--- PROBLEM TO SOLVE ---
Pictures in the records are to be excluded from an otherwise exact copy.

[Annotated photo localization data]
______

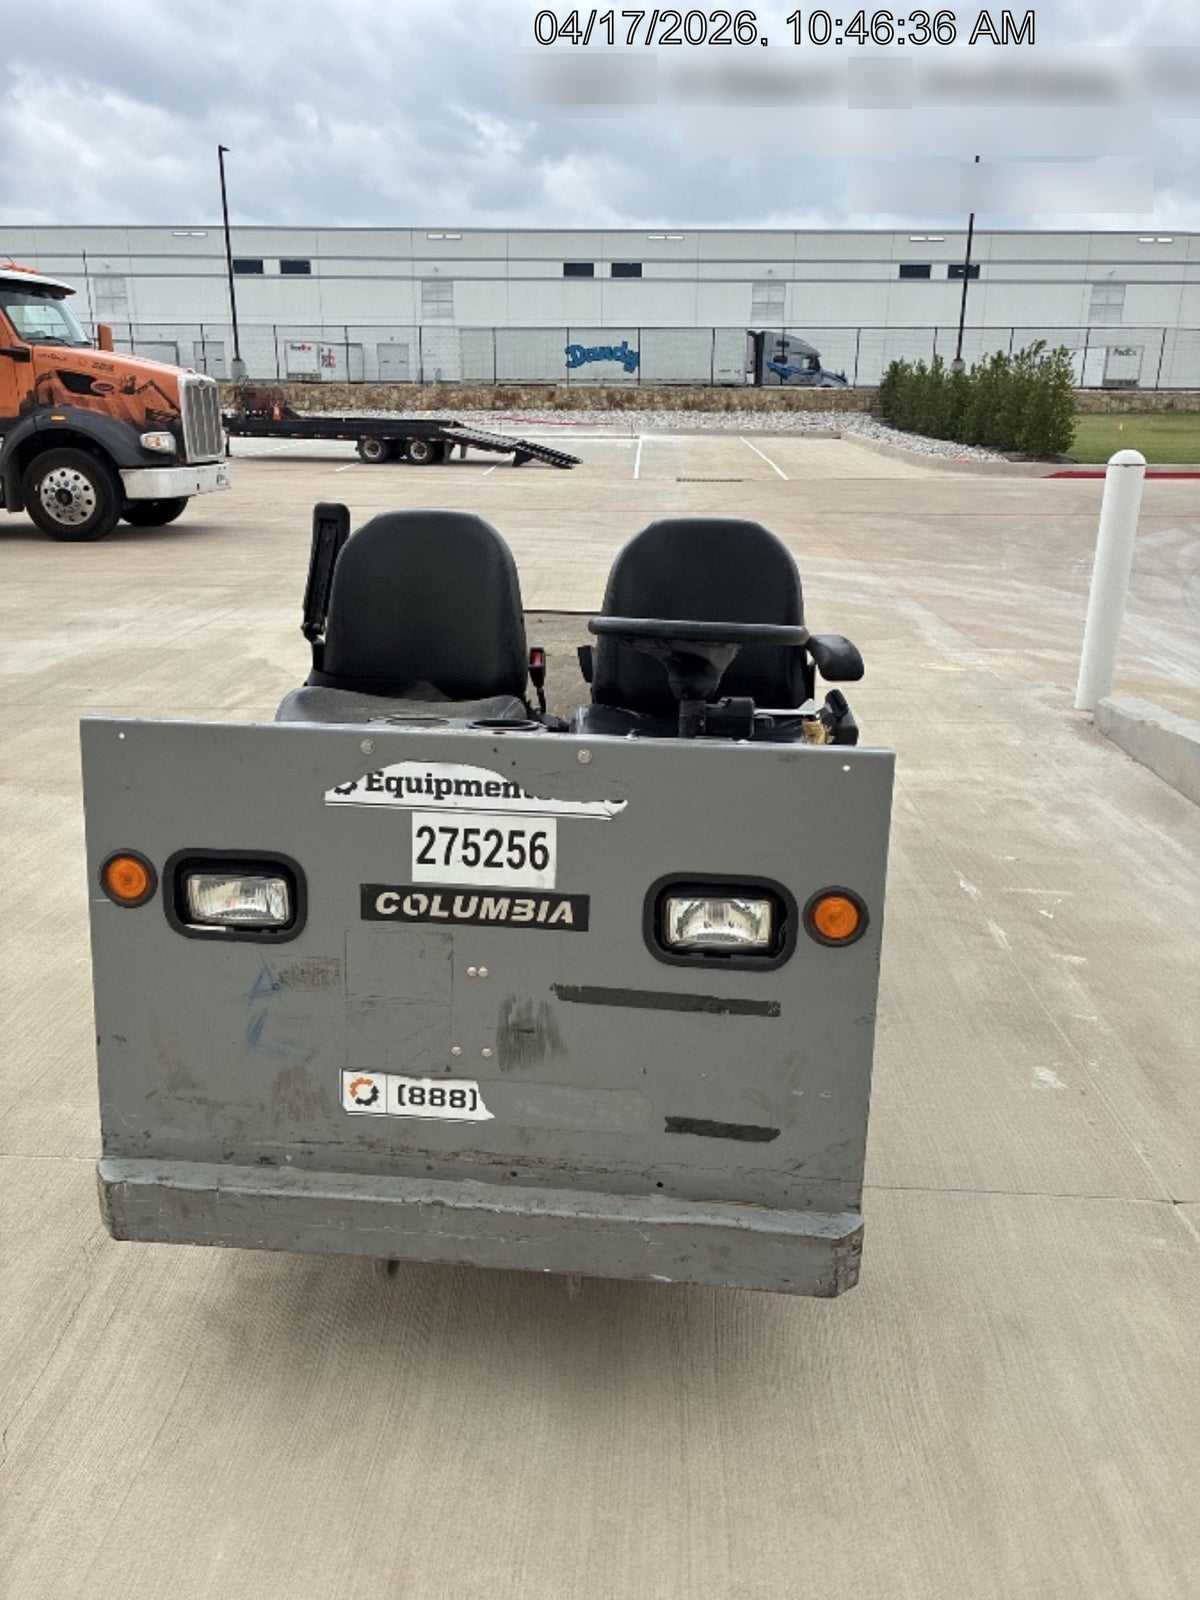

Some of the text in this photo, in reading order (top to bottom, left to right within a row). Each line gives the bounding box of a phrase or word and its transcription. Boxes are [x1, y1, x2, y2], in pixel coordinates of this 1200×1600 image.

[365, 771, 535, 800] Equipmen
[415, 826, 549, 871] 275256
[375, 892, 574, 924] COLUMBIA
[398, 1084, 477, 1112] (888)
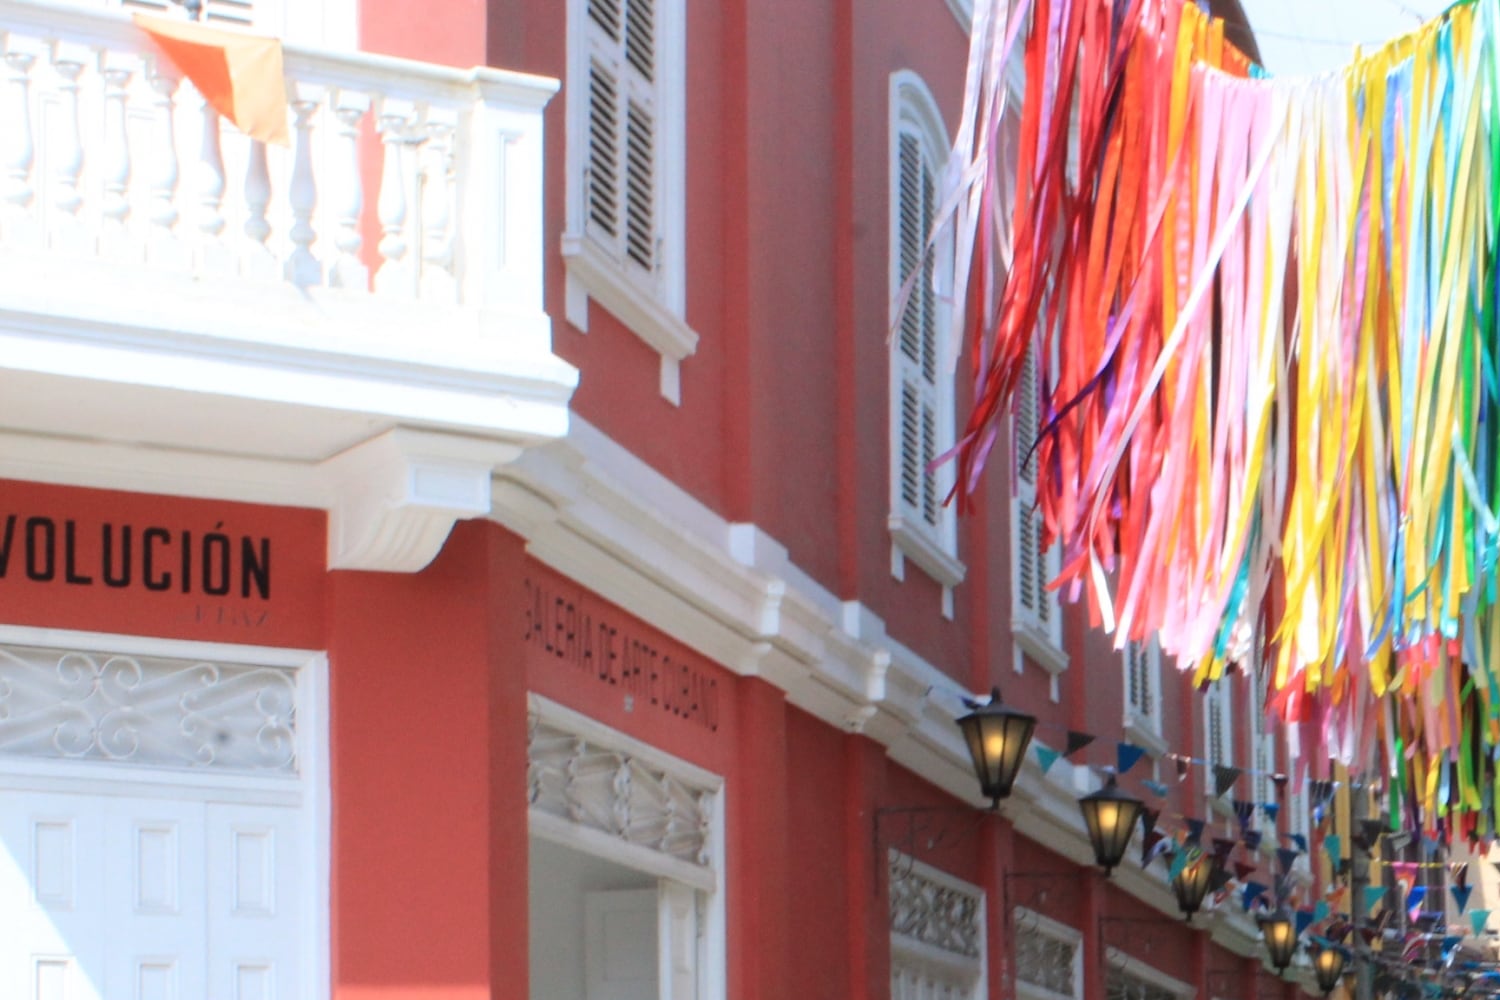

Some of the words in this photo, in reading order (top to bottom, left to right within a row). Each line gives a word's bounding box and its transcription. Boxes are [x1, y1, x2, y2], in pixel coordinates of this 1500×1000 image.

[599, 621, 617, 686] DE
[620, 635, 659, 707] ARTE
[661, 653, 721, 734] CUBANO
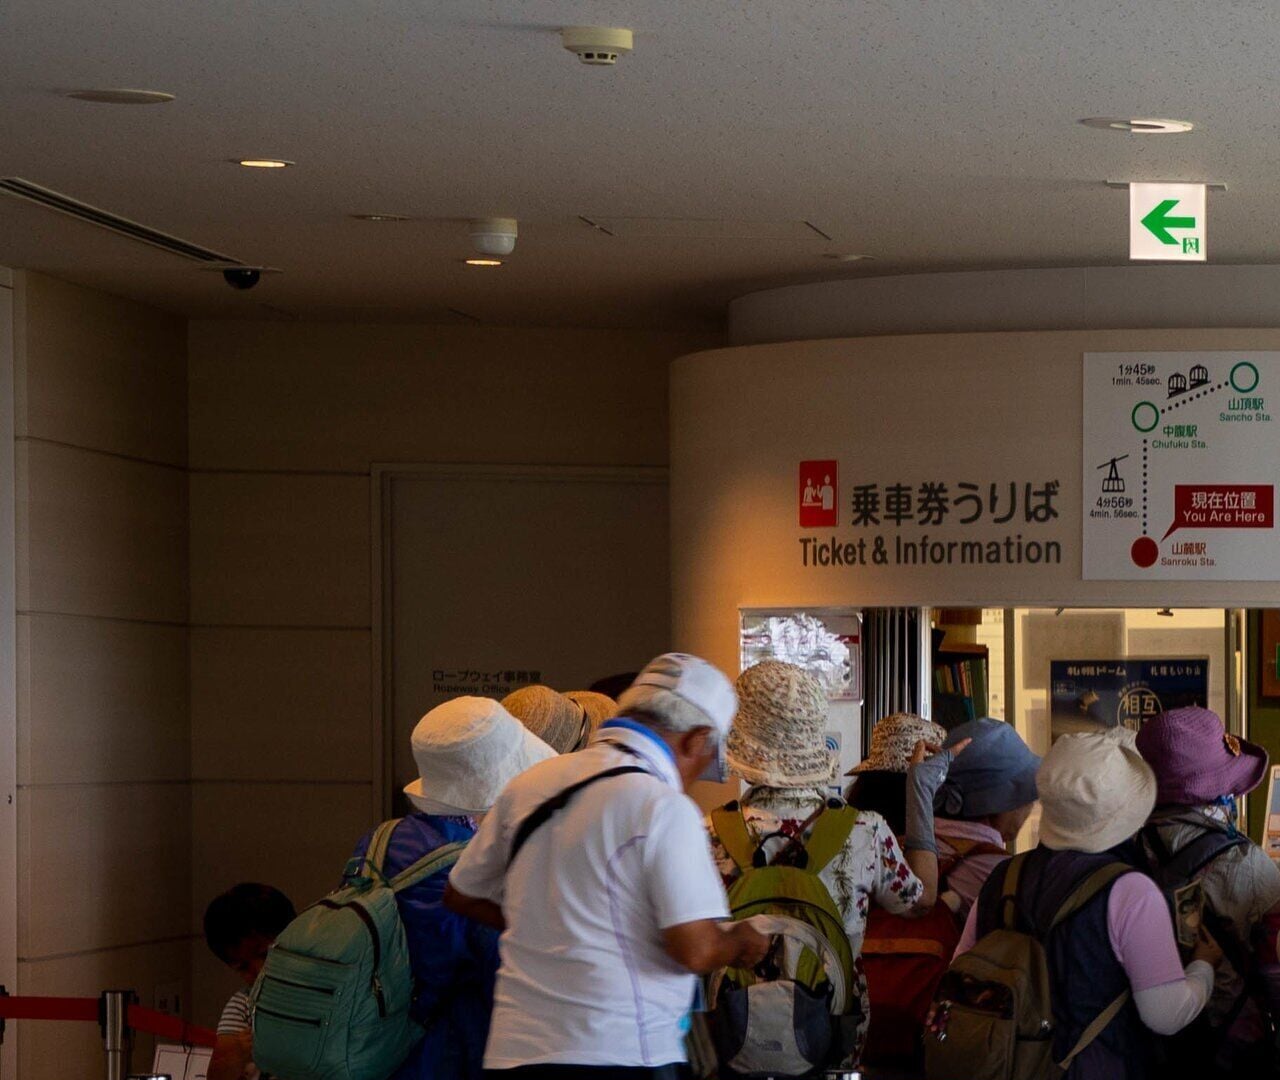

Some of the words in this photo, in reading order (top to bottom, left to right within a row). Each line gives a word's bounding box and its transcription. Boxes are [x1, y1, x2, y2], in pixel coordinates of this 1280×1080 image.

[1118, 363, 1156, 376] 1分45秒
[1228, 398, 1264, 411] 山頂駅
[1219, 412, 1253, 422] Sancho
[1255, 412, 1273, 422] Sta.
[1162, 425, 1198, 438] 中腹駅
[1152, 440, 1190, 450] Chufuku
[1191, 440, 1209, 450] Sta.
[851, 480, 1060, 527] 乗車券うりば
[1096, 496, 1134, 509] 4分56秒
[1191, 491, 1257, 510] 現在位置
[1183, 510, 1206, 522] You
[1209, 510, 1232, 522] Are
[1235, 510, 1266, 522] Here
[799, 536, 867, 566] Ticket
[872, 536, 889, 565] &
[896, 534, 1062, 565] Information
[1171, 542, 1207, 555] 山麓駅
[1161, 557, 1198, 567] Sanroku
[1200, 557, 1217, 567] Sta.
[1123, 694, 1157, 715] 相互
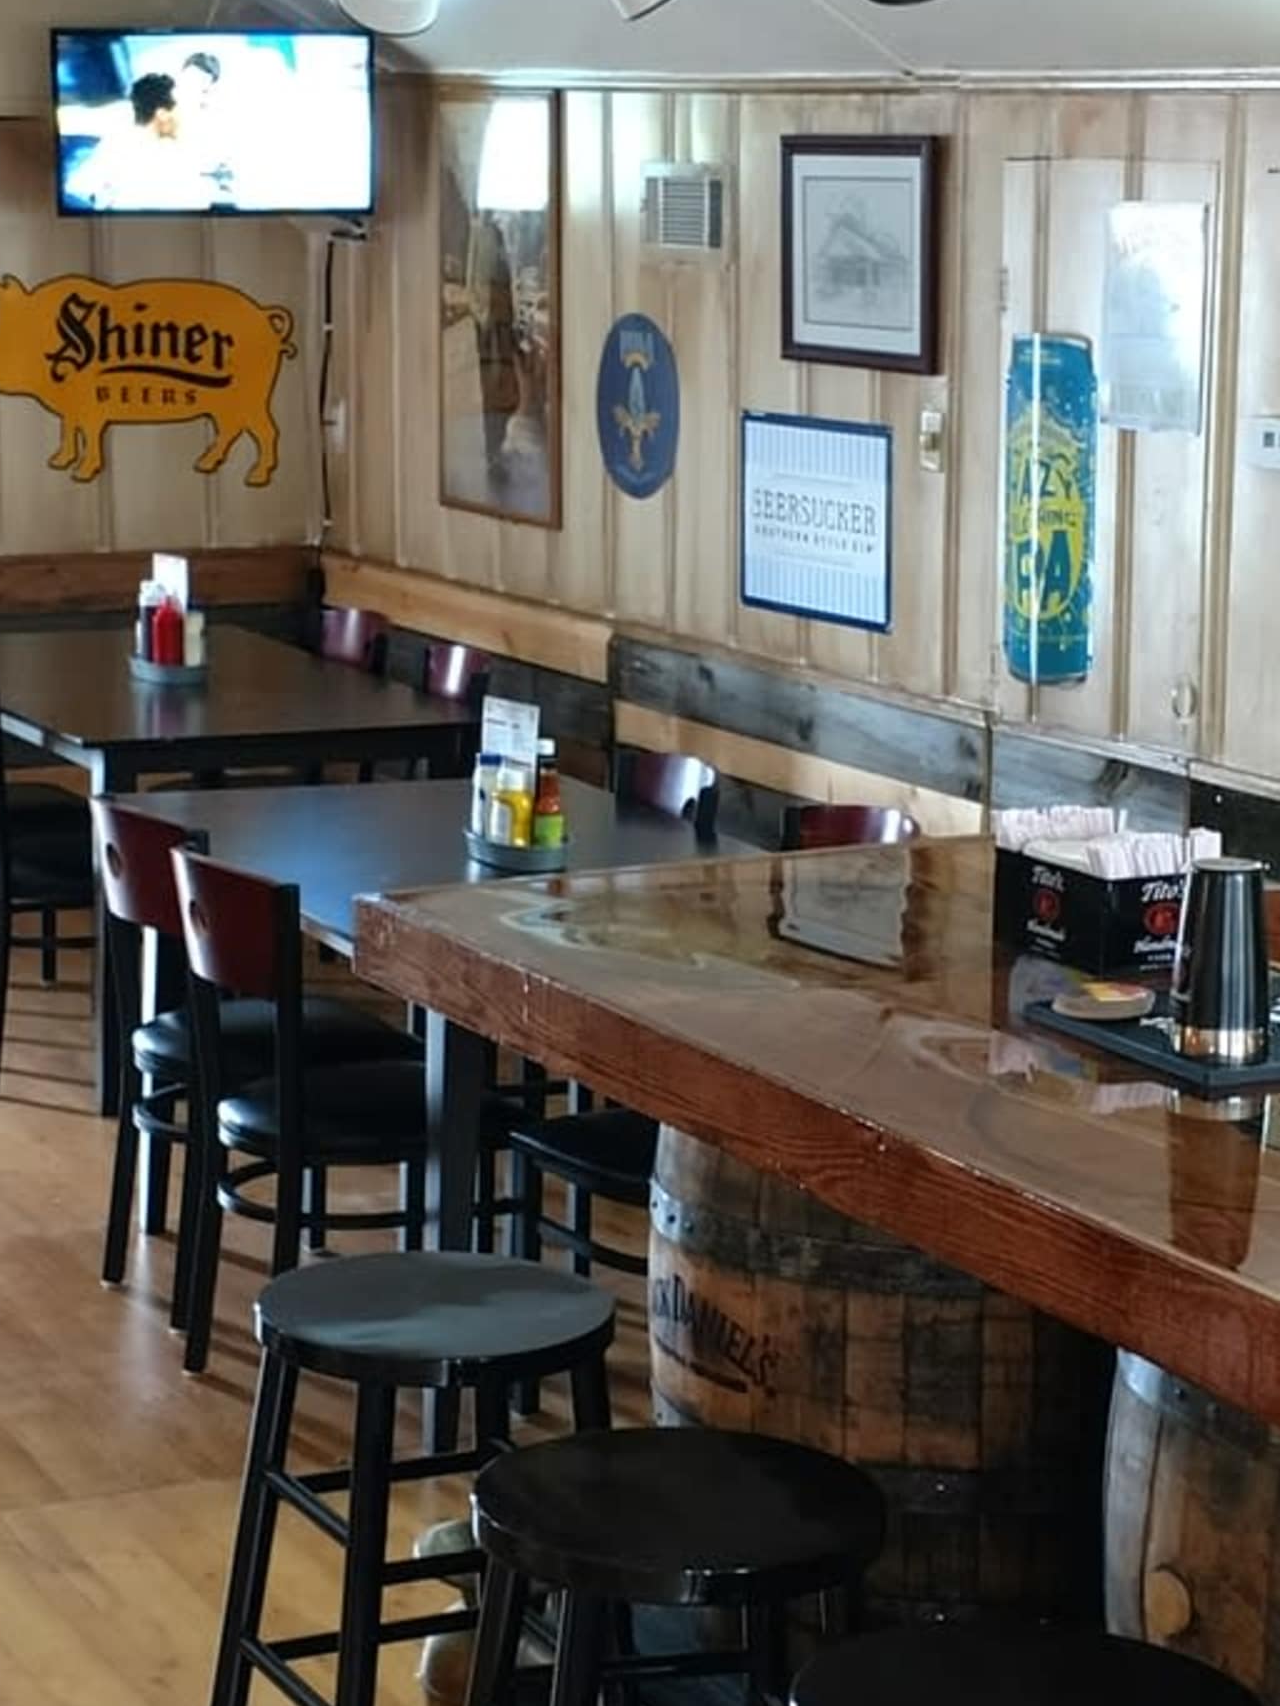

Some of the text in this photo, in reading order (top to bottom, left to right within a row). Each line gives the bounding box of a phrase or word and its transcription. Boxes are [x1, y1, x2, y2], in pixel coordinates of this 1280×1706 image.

______

--- TASK SOLUTION ---
Some of the text in this photo, in reading order (top to bottom, left to right within a row). Each line gives the bounding box of a phrase or word and its transcription. Boxes are [x1, y1, x2, y2], in pixel coordinates of this 1200×1600 image.

[365, 771, 535, 800] Equipmen
[415, 826, 549, 871] 275256
[375, 892, 574, 924] COLUMBIA
[398, 1084, 477, 1112] (888)

Some of the words in this photo, in reading order (top to bottom, left to right within a row). Each line gives a word's bounding box and its transcription. Boxes are [x1, y1, x2, y2], in pixel coordinates of this 1500×1000 image.

[599, 621, 617, 686] DE
[620, 635, 659, 707] ARTE
[661, 653, 721, 734] CUBANO

Some of the words in this photo, in reading order (top to bottom, left to right within a row). Each line gives a word's bounding box and its transcription. Boxes are [x1, y1, x2, y2], in pixel coordinates of this 1280×1080 image.

[1118, 363, 1156, 376] 1分45秒
[1228, 398, 1264, 411] 山頂駅
[1219, 412, 1253, 422] Sancho
[1255, 412, 1273, 422] Sta.
[1162, 425, 1198, 438] 中腹駅
[1152, 440, 1190, 450] Chufuku
[1191, 440, 1209, 450] Sta.
[851, 480, 1060, 527] 乗車券うりば
[1096, 496, 1134, 509] 4分56秒
[1191, 491, 1257, 510] 現在位置
[1183, 510, 1206, 522] You
[1209, 510, 1232, 522] Are
[1235, 510, 1266, 522] Here
[799, 536, 867, 566] Ticket
[872, 536, 889, 565] &
[896, 534, 1062, 565] Information
[1171, 542, 1207, 555] 山麓駅
[1161, 557, 1198, 567] Sanroku
[1200, 557, 1217, 567] Sta.
[1123, 694, 1157, 715] 相互

Some of the text in this photo, in reading order (top to bottom, left to right within a row). Each line gives the bounding box of a phrase or word and its transcription. Boxes are [x1, y1, x2, y2], in pixel coordinates of this 1280×1706 image.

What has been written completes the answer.